Quelques recommandations sont proposées aux développeurs de telles applications, dont quelquesunes tout à fait pertinentes dans le domaine des applications vétérinaires également : impliquer des professionnels dans le développement des applications, former à leur utilisation et améliorer la qualité du contenu [4].
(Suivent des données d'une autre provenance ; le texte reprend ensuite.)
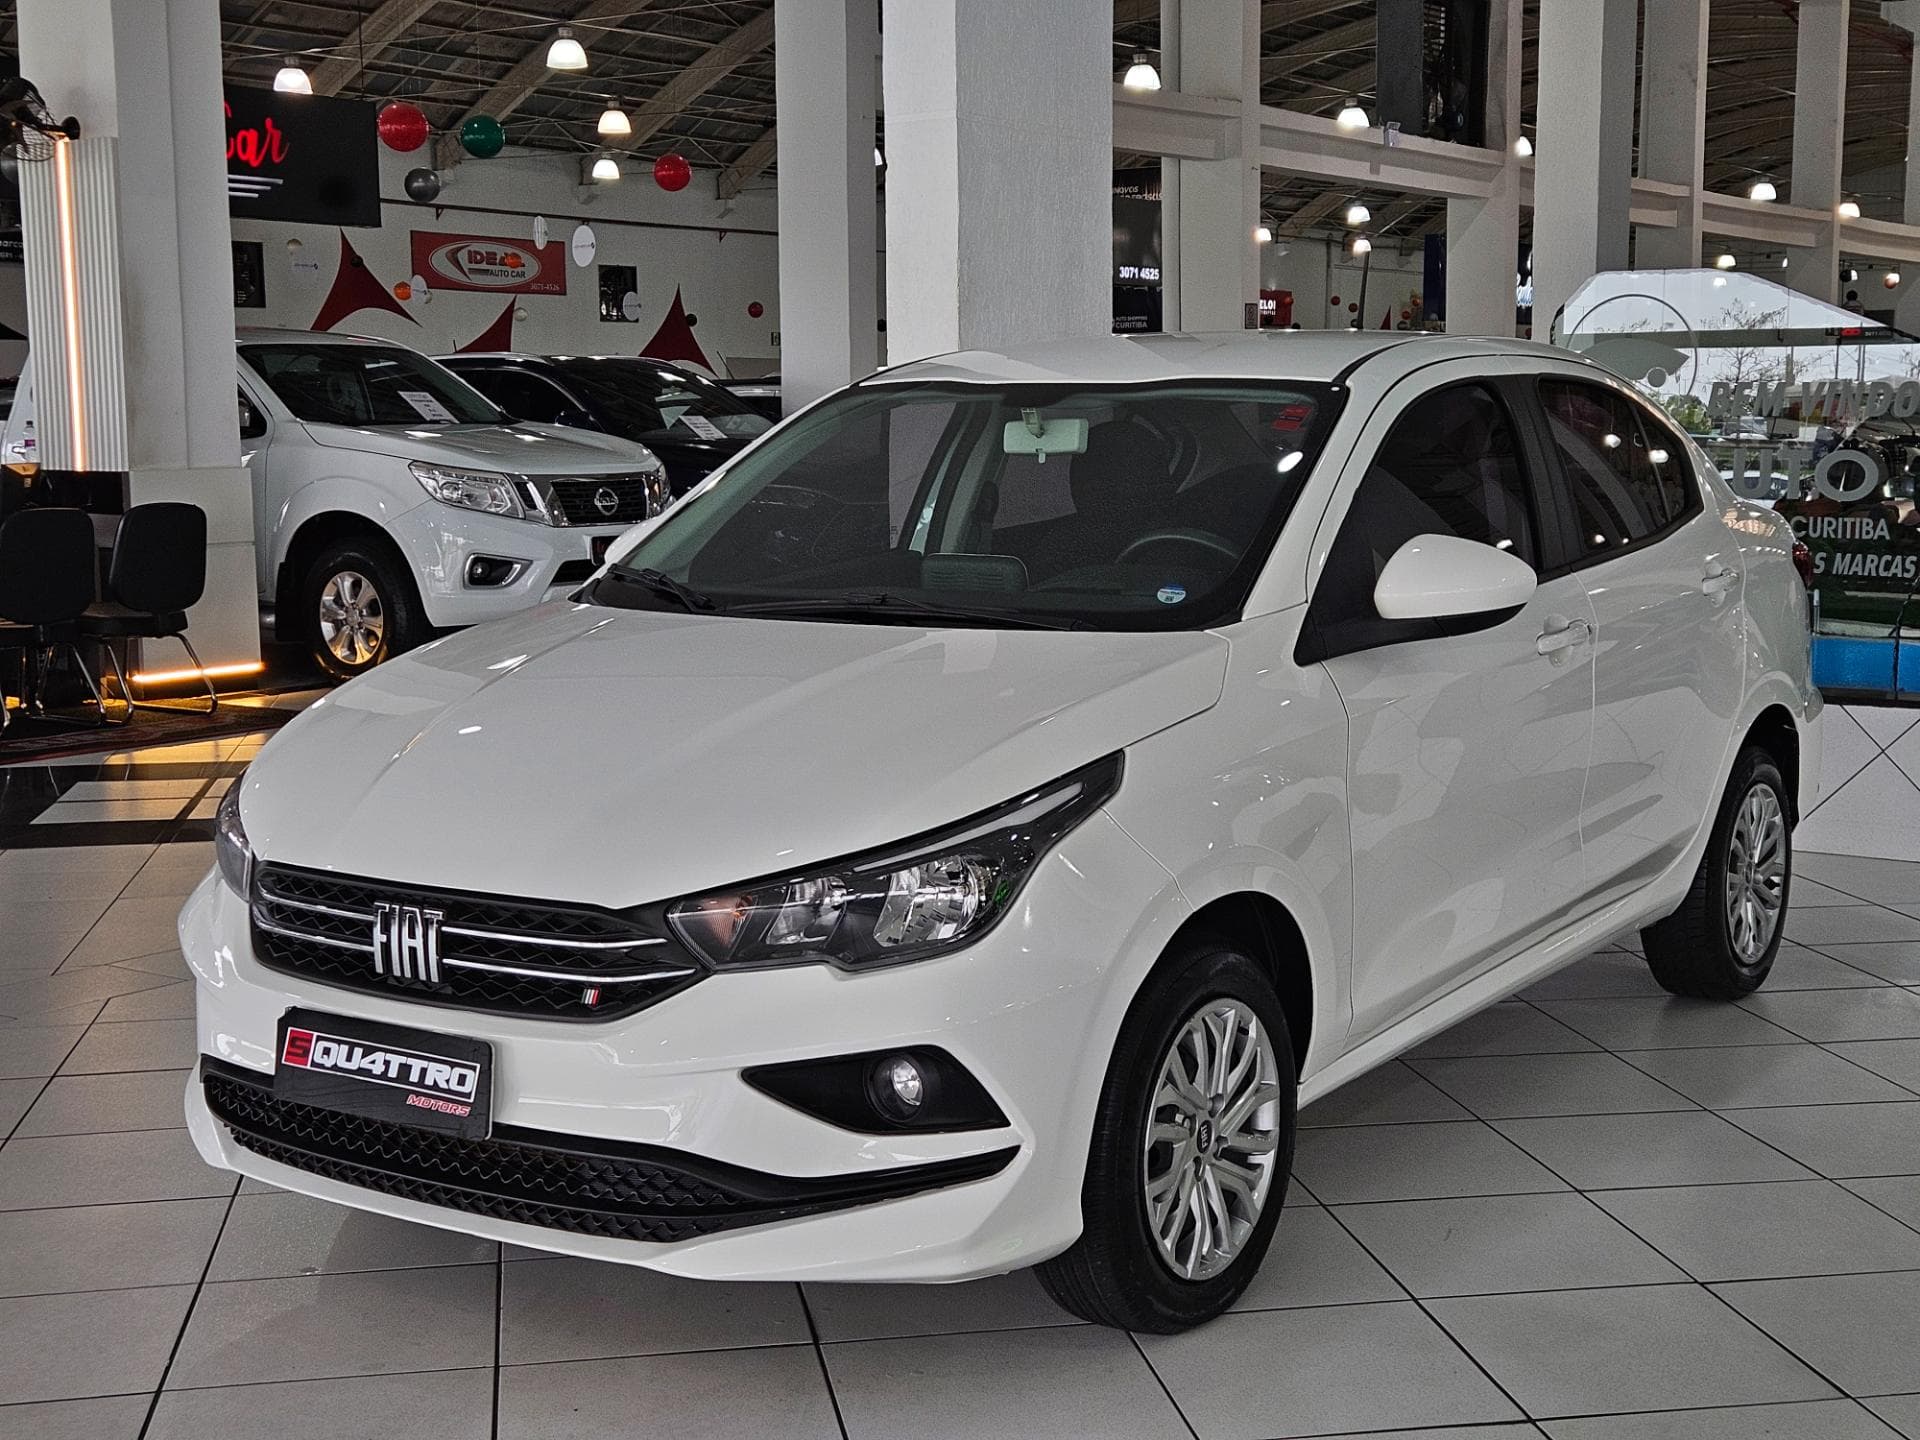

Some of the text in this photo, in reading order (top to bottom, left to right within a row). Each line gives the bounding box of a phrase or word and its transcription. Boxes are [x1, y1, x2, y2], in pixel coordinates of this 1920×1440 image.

[489, 269, 526, 279] AUTO CAR
[1119, 266, 1160, 280] 3071 4525
[1115, 321, 1148, 329] CURITIBA
[1708, 381, 1788, 417] BEM
[1790, 515, 1890, 540] CURITIBA
[1832, 554, 1917, 579] MARCAS
[373, 901, 444, 983] FIAT
[406, 1094, 472, 1118] MOTORS
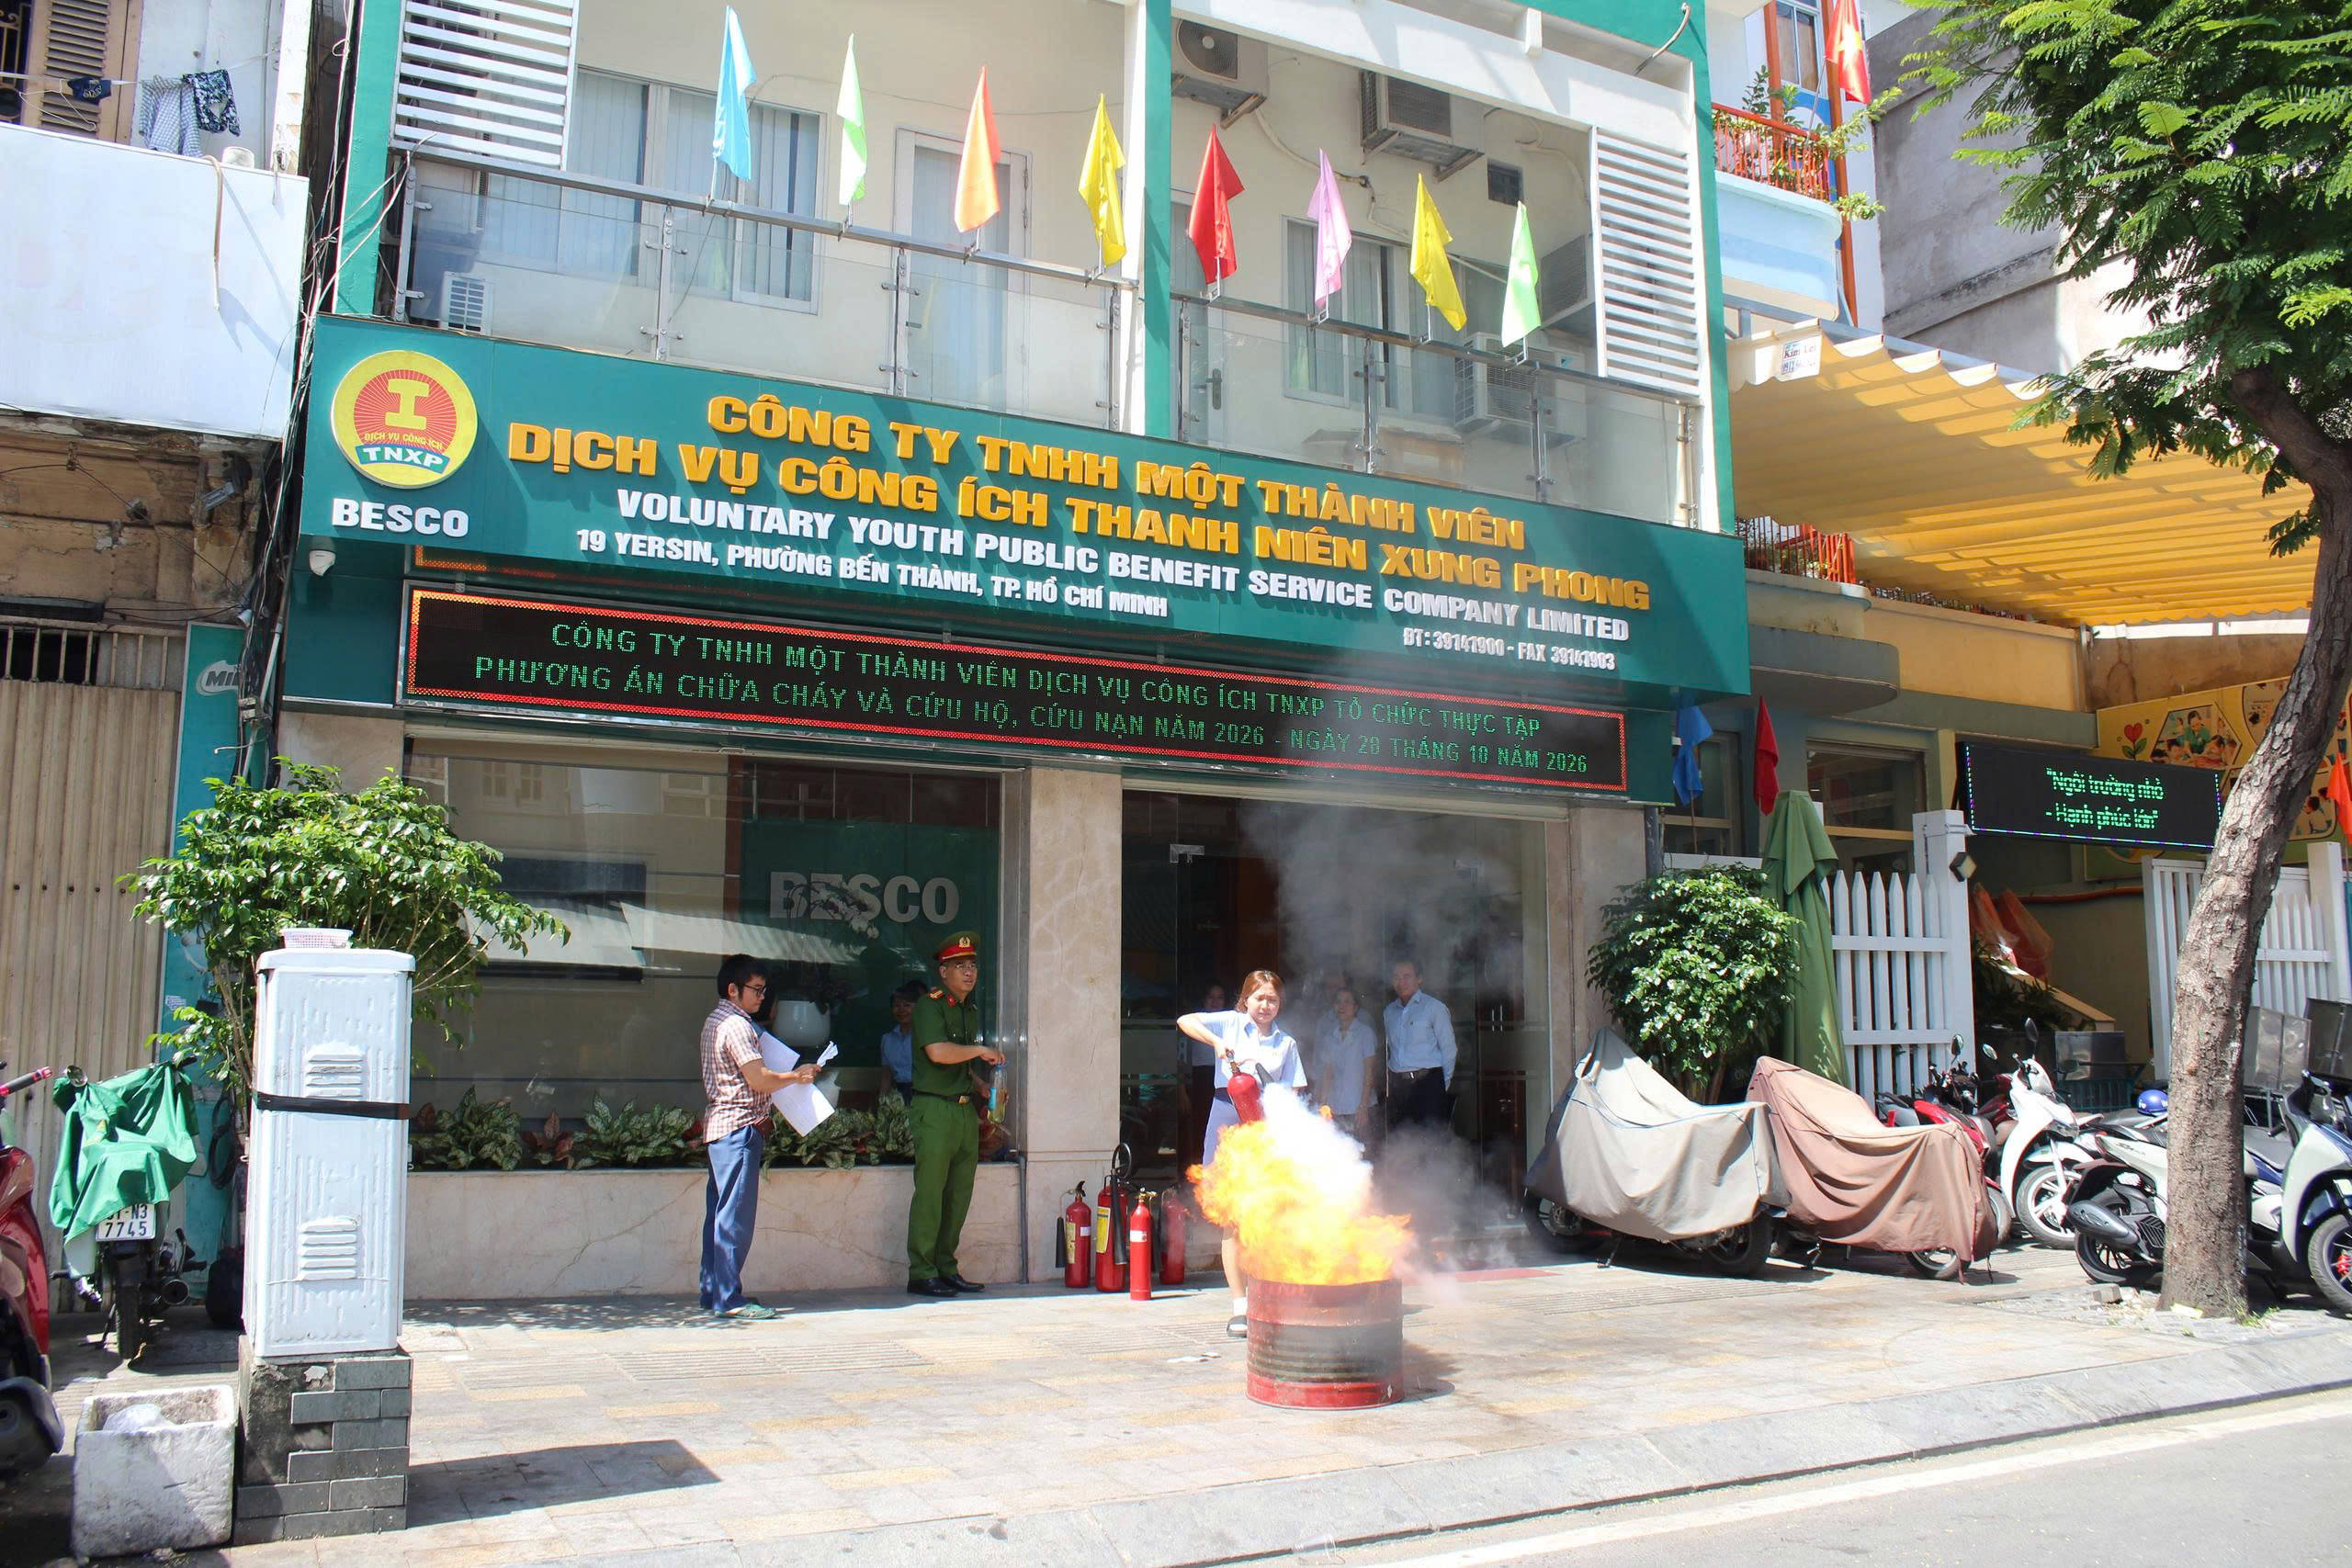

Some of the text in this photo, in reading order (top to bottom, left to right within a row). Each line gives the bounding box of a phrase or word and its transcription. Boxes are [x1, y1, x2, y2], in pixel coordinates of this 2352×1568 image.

[362, 446, 444, 468] TNXP
[709, 395, 1525, 549] CÔNG TY TNHH MỘT THÀNH VIÊN
[332, 498, 469, 537] BESCO
[510, 423, 1650, 610] DỊCH VỤ CÔNG ÍCH THANH NIÊN XUNG PHONG
[576, 528, 1168, 618] 19 YERSIN, PHƯỜNG BẾN THÀNH, TP. HỒ CHÍ MINH
[616, 489, 1630, 641] VOLUNTARY YOUTH PUBLIC BENEFIT SERVICE COMPANY LIMITED
[551, 621, 636, 653] CÔNG
[649, 632, 685, 657] TY
[696, 637, 772, 664] TNHH
[786, 645, 846, 676] MỘT
[856, 650, 945, 682] THÀNH
[956, 660, 1016, 688] VIÊN
[1028, 668, 1087, 696] DỊCH
[1098, 675, 1131, 705] VỤ
[1141, 678, 1208, 706] CÔNG
[1218, 682, 1256, 711] ÍCH
[1265, 692, 1324, 717] TNXP
[1372, 700, 1432, 728] CHỨC
[1439, 709, 1496, 737] THỰC
[1501, 714, 1541, 740] TẬP
[1432, 631, 1505, 657] 39141900
[1518, 641, 1546, 662] FAX
[1550, 646, 1616, 671] 39141903
[475, 655, 611, 691] PHƯƠNG
[623, 664, 663, 694] ÁN
[677, 672, 760, 703] CHỮA
[772, 680, 847, 710] CHÁY
[856, 687, 894, 715] VÀ
[906, 691, 962, 720] CỨU
[974, 698, 1018, 729] HỘ,
[1029, 702, 1084, 730] CỨU
[1094, 711, 1143, 739] NẠN
[1154, 713, 1205, 740] NĂM
[1214, 722, 1265, 746] 2026
[1289, 727, 1351, 752] NGÀY
[1389, 735, 1460, 764] THÁNG
[1497, 744, 1540, 769] NĂM
[1545, 750, 1588, 773] 2026
[769, 872, 960, 925] BESCO
[105, 1221, 148, 1238] 7745
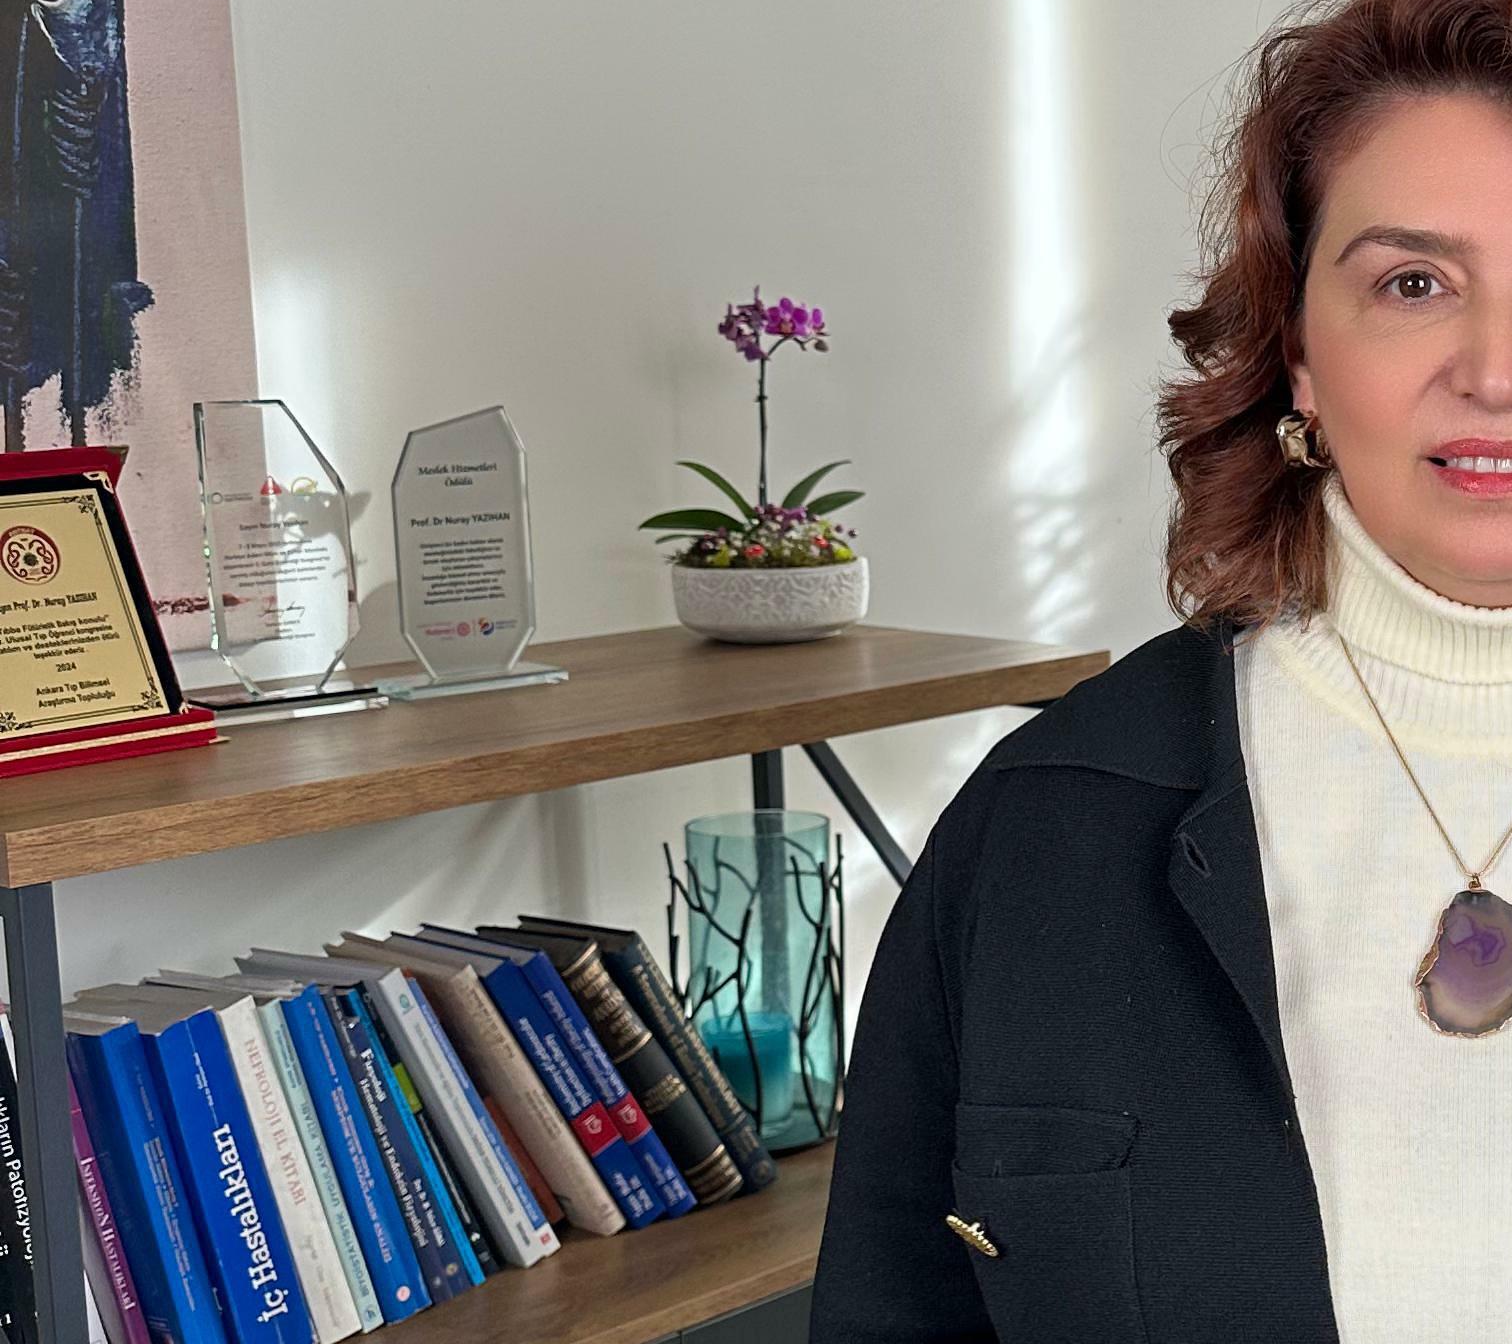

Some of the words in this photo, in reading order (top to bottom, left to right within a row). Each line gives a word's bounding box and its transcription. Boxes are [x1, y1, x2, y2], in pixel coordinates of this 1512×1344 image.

[55, 661, 77, 673] 2024
[36, 684, 64, 696] Ankara
[270, 1127, 290, 1152] EL
[201, 1122, 277, 1291] Hastalıkları
[247, 1287, 292, 1325] İç
Conflit d’intérêts : Aucun
Ce travail met en évidence la marge de progression possible concernant le développement d’applications mobiles vétérinaires. Ces outils numériques offrent des avantages indéniables au personnel de santé, en médecine humaine ou vétérinaire, comme l’accès aux informations, l’amélioration de la démarche diagnostique et de l’efficacité clinique, et la facilitation de la gestion des données. Il reste néanmoins des défis à surmonter pour que ces outils répondent aux attentes des vétérinaires : sécurisation des données, exactitude et vérification des informations, accessibilité au réseau internet, coût, visibilité, etc. Le développement d’une offre de service telle que l’audit et l’intérêt pédagogique pour l’éleveur sont également deux paramètres recherchés par les vétérinaires ruraux. Cependant, le manque de visibilité de ces applications, la nécessité d’une connexion au réseau internet pour certaines, le manque de praticité et de fiabilité et le coût sont des freins à leur usage aux yeux des vétérinaires interrogés, qui rapportent également un manque de confiance quant à la sécurité des données ainsi qu’un manque d’offres réellement intéressantes en pratique. Un système d’évaluation officiel et/ou l’implication de professionnels de manière systématique dans leur développement pourraient augmenter la confiance des professionnels dans ces nouveaux outils. Par ailleurs, afin d’augmenter la visibilité et la maîtrise de telles applications, il pourrait être intéressant de développer un catalogue tenu régulièrement à jour, voire de proposer des formations pour les étudiants, mais aussi pour les vétérinaires déjà en exercice. En effet, de nouvelles applications ne cessent d’arriver sur le marché chaque année. Enfin, le décalage entre les attentes des vétérinaires et l’offre réellement présente sur le marché en termes de catégories d’applications est une piste pour les développeurs afin de répondre réellement à la demande.